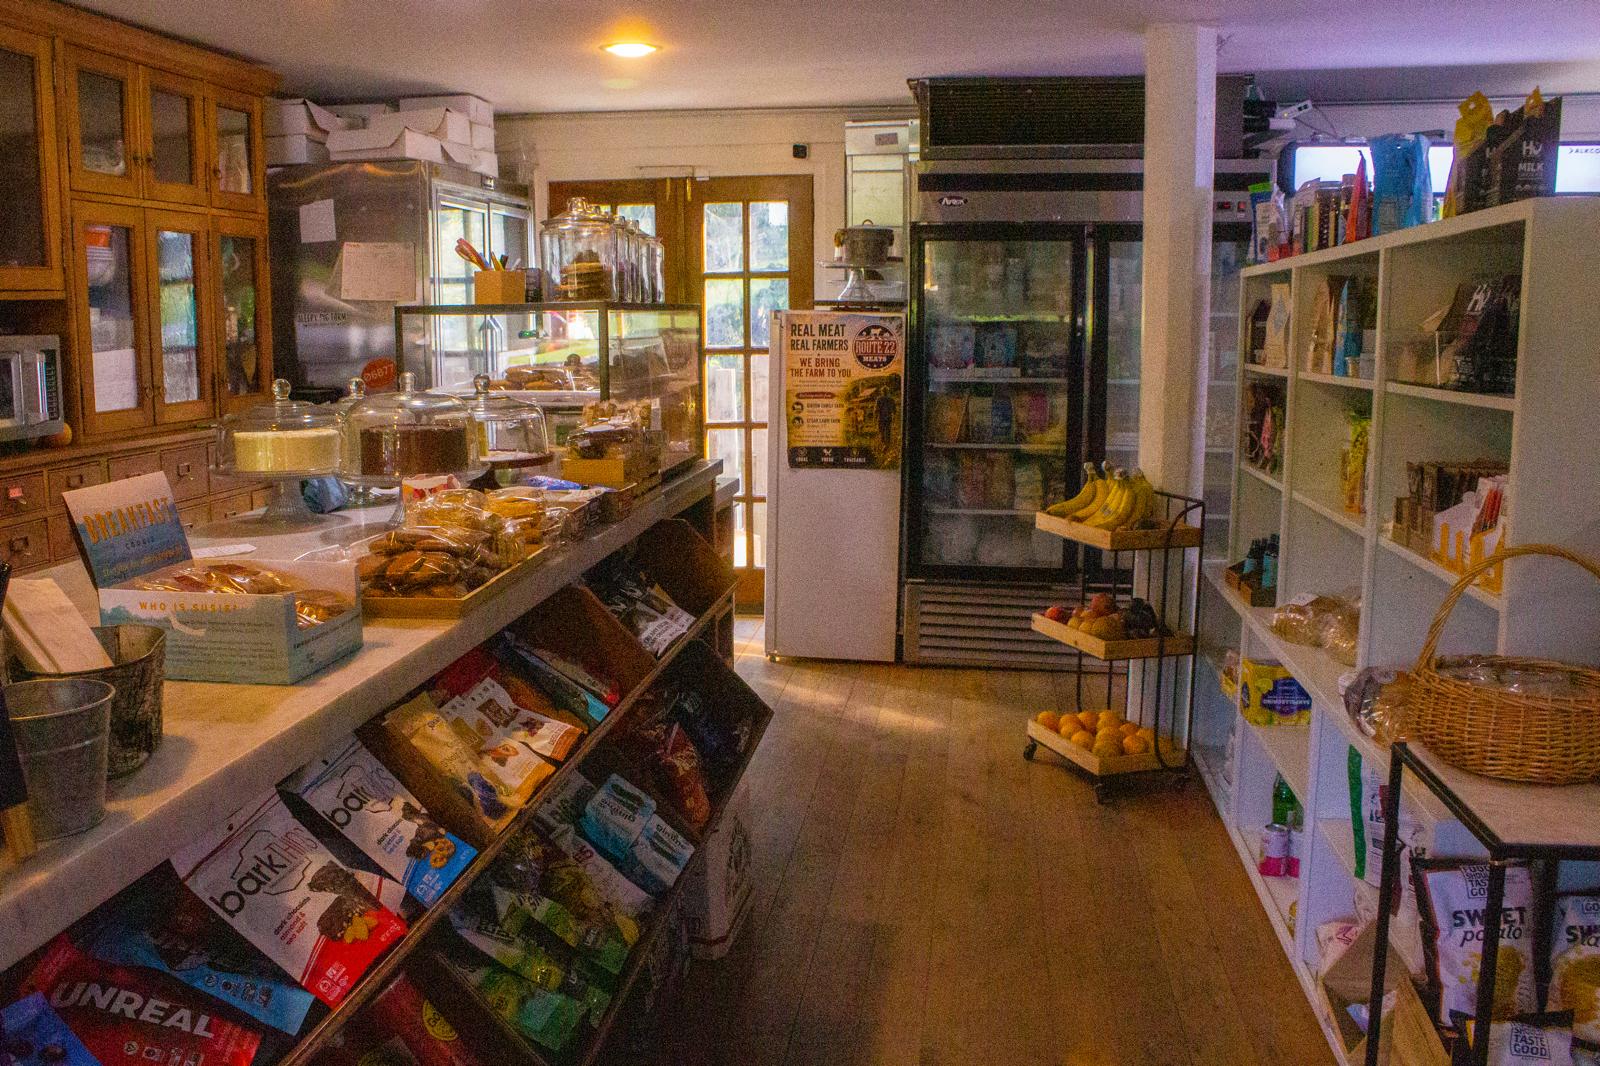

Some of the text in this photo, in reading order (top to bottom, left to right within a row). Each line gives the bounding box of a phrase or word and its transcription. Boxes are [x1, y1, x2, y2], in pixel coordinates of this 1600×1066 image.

[1519, 163, 1544, 172] MILK
[791, 324, 846, 337] REAL MEAT
[790, 339, 849, 351] REAL FARMERS
[856, 341, 896, 354] ROUTE 22
[800, 358, 840, 367] WE BRING
[790, 368, 804, 378] THE
[806, 368, 825, 378] FARM
[828, 368, 836, 378] TO
[838, 368, 852, 378] YOU
[83, 497, 174, 545] BREAKFAST
[139, 601, 167, 612] WHO
[172, 602, 186, 612] IS
[1452, 906, 1527, 928] SWET
[271, 918, 288, 936] dark
[277, 915, 302, 941] almond
[50, 981, 214, 1038] UNREAL
[1514, 1034, 1546, 1047] TASTE
[1514, 1043, 1547, 1057] GOOD
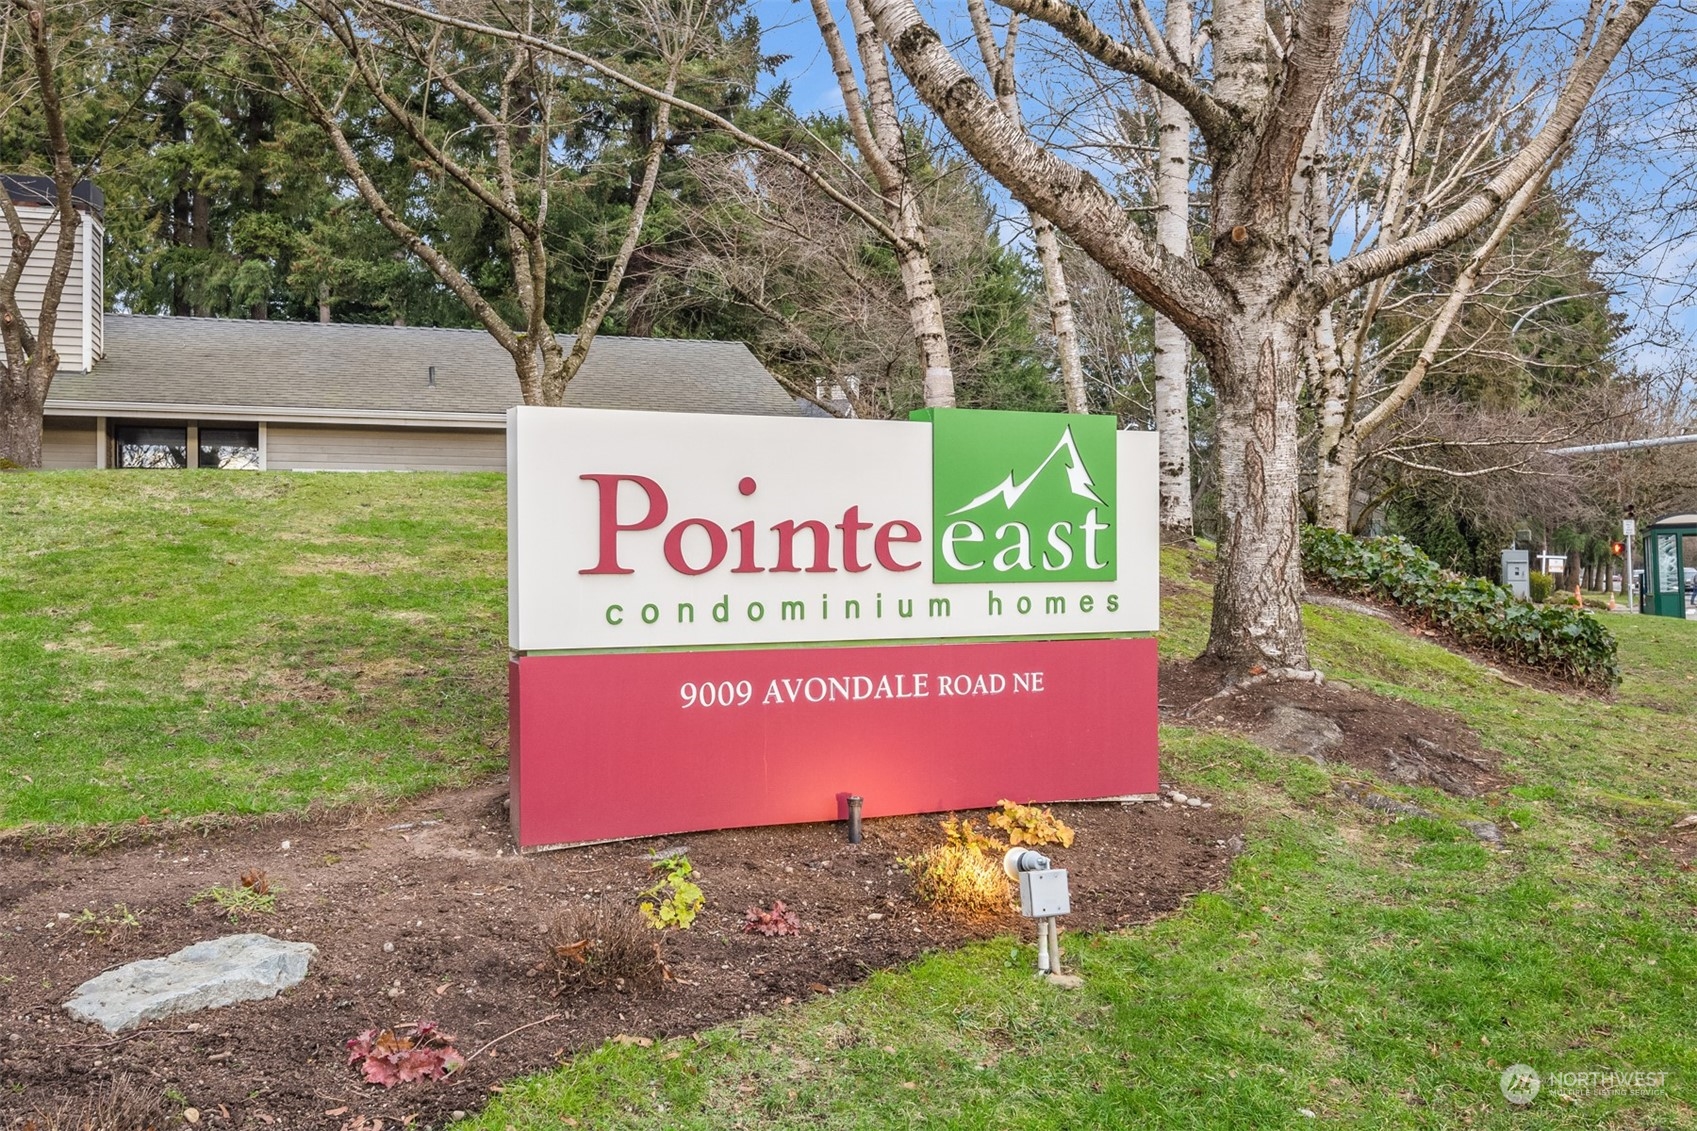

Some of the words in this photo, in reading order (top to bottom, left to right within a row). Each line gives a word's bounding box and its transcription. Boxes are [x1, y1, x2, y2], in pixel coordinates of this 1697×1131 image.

[578, 473, 922, 575] Pointe
[942, 507, 1111, 572] east
[605, 593, 951, 625] condominium
[988, 590, 1120, 616] homes
[680, 680, 753, 709] 9009
[762, 673, 930, 706] AVONDALE
[937, 674, 1005, 697] ROAD
[1012, 671, 1045, 693] NE

..............................

* **WORK INSTRUCTION**:
Give back, word for word, the lines from the one with "Some of the words" through the last line of the entries, both included, and no other line.

* **RESULT OF THIS TASK**:
Some of the words in this photo, in reading order (top to bottom, left to right within a row). Each line gives a word's bounding box and its transcription. Boxes are [x1, y1, x2, y2], in pixel coordinates of this 1697×1131 image.

[578, 473, 922, 575] Pointe
[942, 507, 1111, 572] east
[605, 593, 951, 625] condominium
[988, 590, 1120, 616] homes
[680, 680, 753, 709] 9009
[762, 673, 930, 706] AVONDALE
[937, 674, 1005, 697] ROAD
[1012, 671, 1045, 693] NE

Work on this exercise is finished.